The cellular bio-density may be enumerated by estimating the mass of each E. coli cell to be 1.55 x 10-13 grams/cell,nft channel the protein content of each cell to be 55% , and the quantified amino acids to be ~100% of the total protein mass. Extrapolation of the total amino acid concentrations to an equivalent cell count shows that the total bio-density is on the order of 1.4 x 1010 cells per gram of serpentine. This is in close agreement to the cell staining methods utilized in this study which showed approximately 1.3 x 1010 cells per gram of serpentine. Assuming a 5% error in each approximation, these data agree within the error limits. Data from this study show that the 10 amino acids quantified with the highest concentrations account for approximately 92% of the total mass.

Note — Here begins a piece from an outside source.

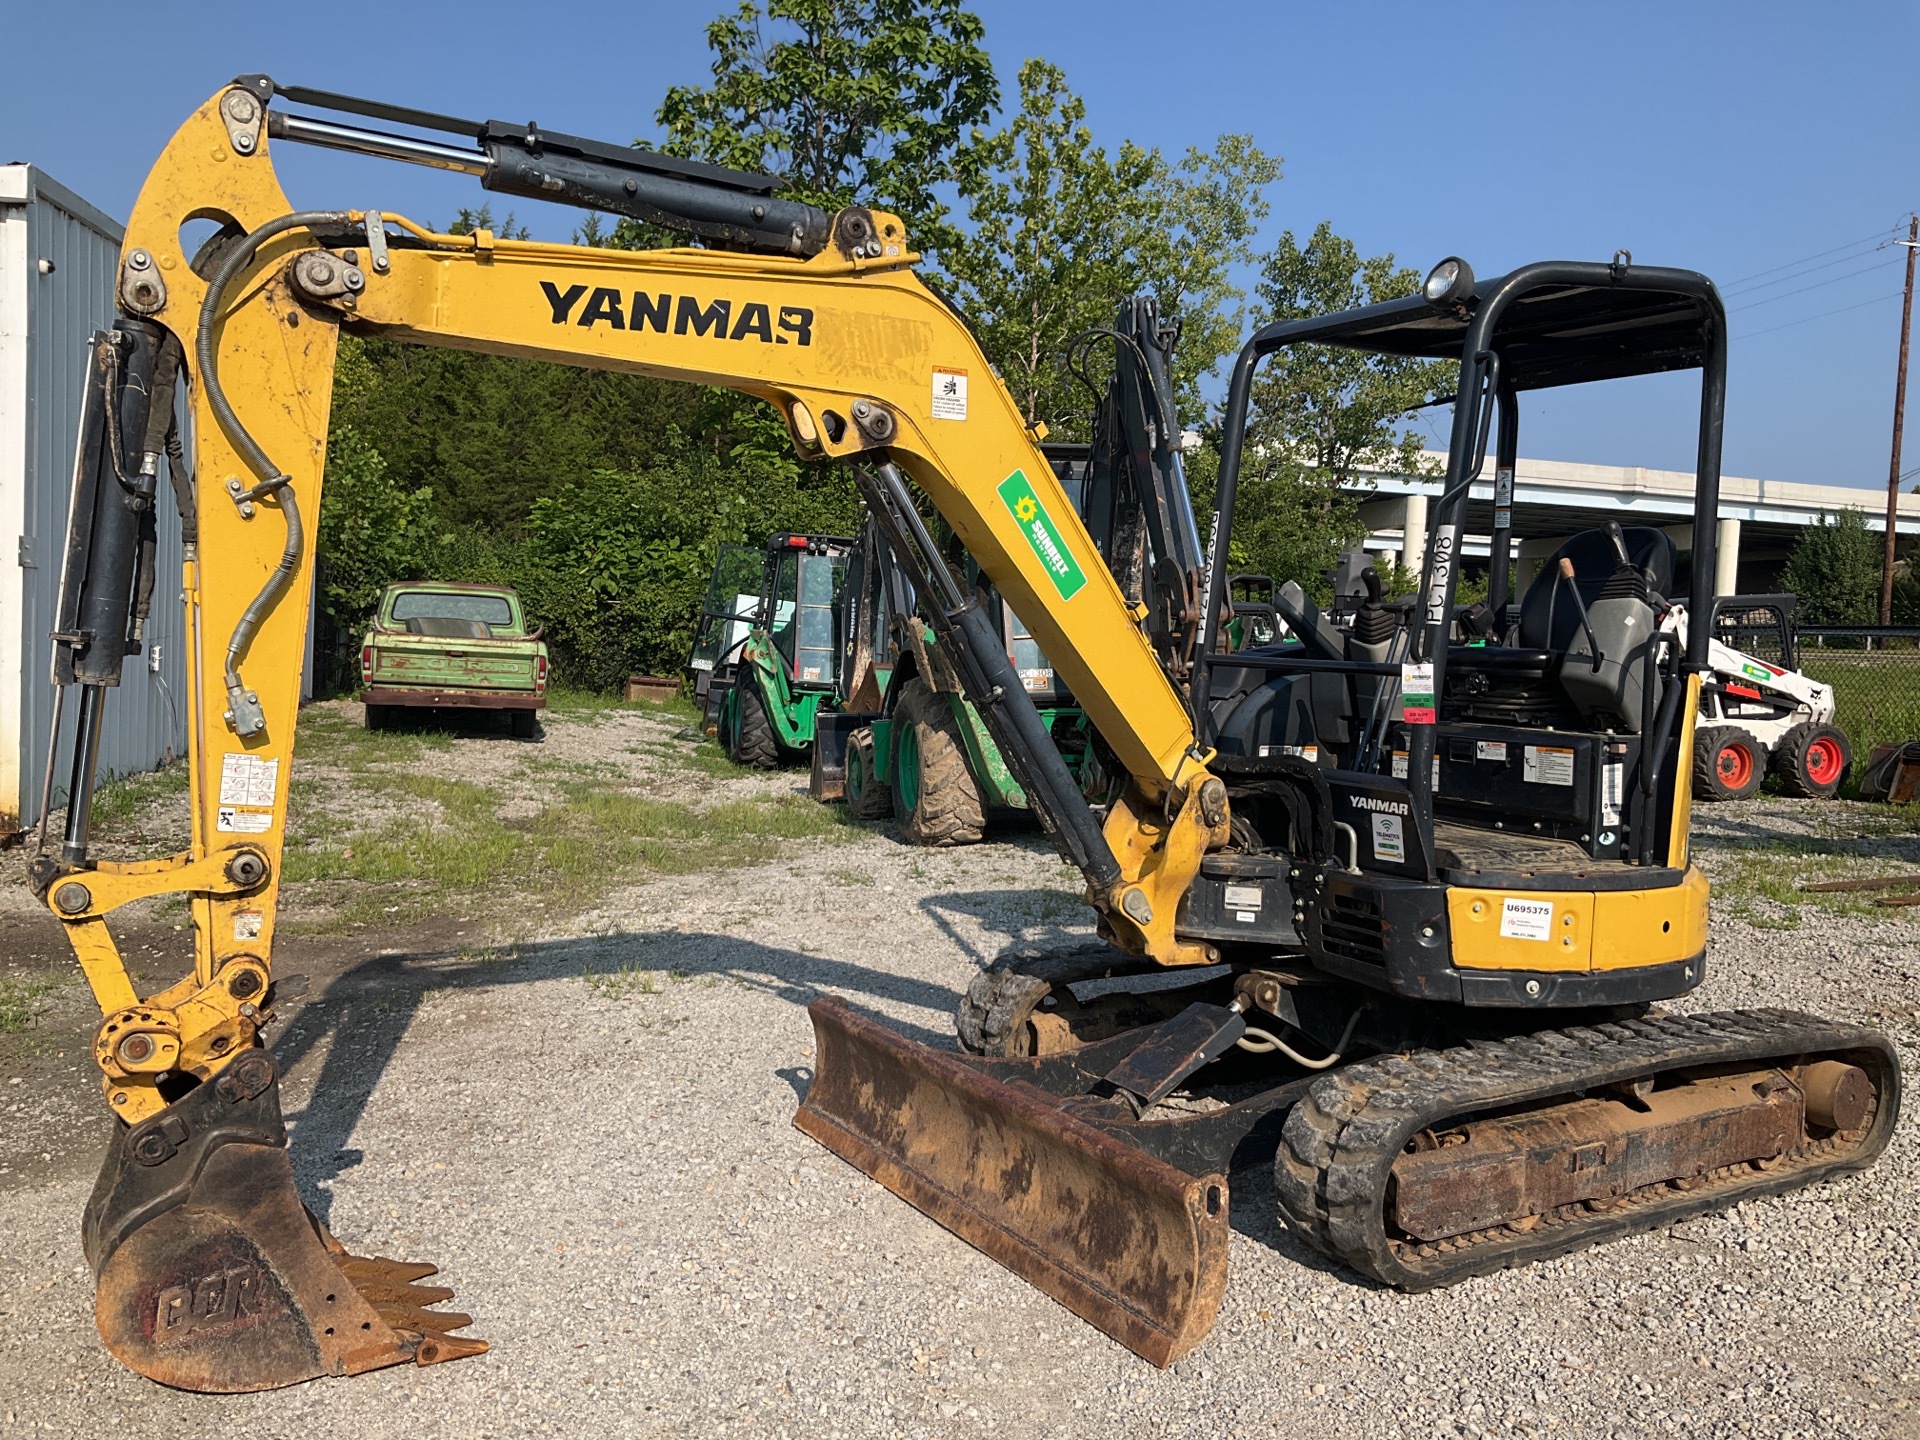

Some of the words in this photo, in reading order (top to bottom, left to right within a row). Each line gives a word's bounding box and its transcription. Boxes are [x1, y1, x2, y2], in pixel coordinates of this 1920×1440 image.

In agreement with data from Glavin et al. , six of these amino acids account for 70.7% of the total amino acids present in E. coli. Quantification of these 6 amino acids represents the majority of the protein amino acids and is sufficient to accurately enumerate the cell bio-densities of geological samples. Also of importance is that these six amino acids and their enantiomers all elute before 25 minutes and show good chiral resolution between D- and L-configurations using the established RP-HPLC gradient protocol . The coelution of glycine and arginine in gradient A is a non-issue because arginine is present in such low concentrations in bacterial communities . One of the most important confirmations of this study was the deficiency of D-amino acids detected in these analyses. The optimum hydrolysis procedures preserve the integrities of the amino acids as well as their chiralities. The average D/L-ratios of the amino acids asp, glu, ser, gly, and val was approximately 0.02 while alanine showed a slightly higher average D/L-ratio of 0.05. This means that the racemization percentage is well under 1% and does a good job of preserving the enantiomer signature of geological samples. Figure 2.6 shows the results from this study against data from previous studies. The distributions are very similar for all of the amino acids and show good agreement.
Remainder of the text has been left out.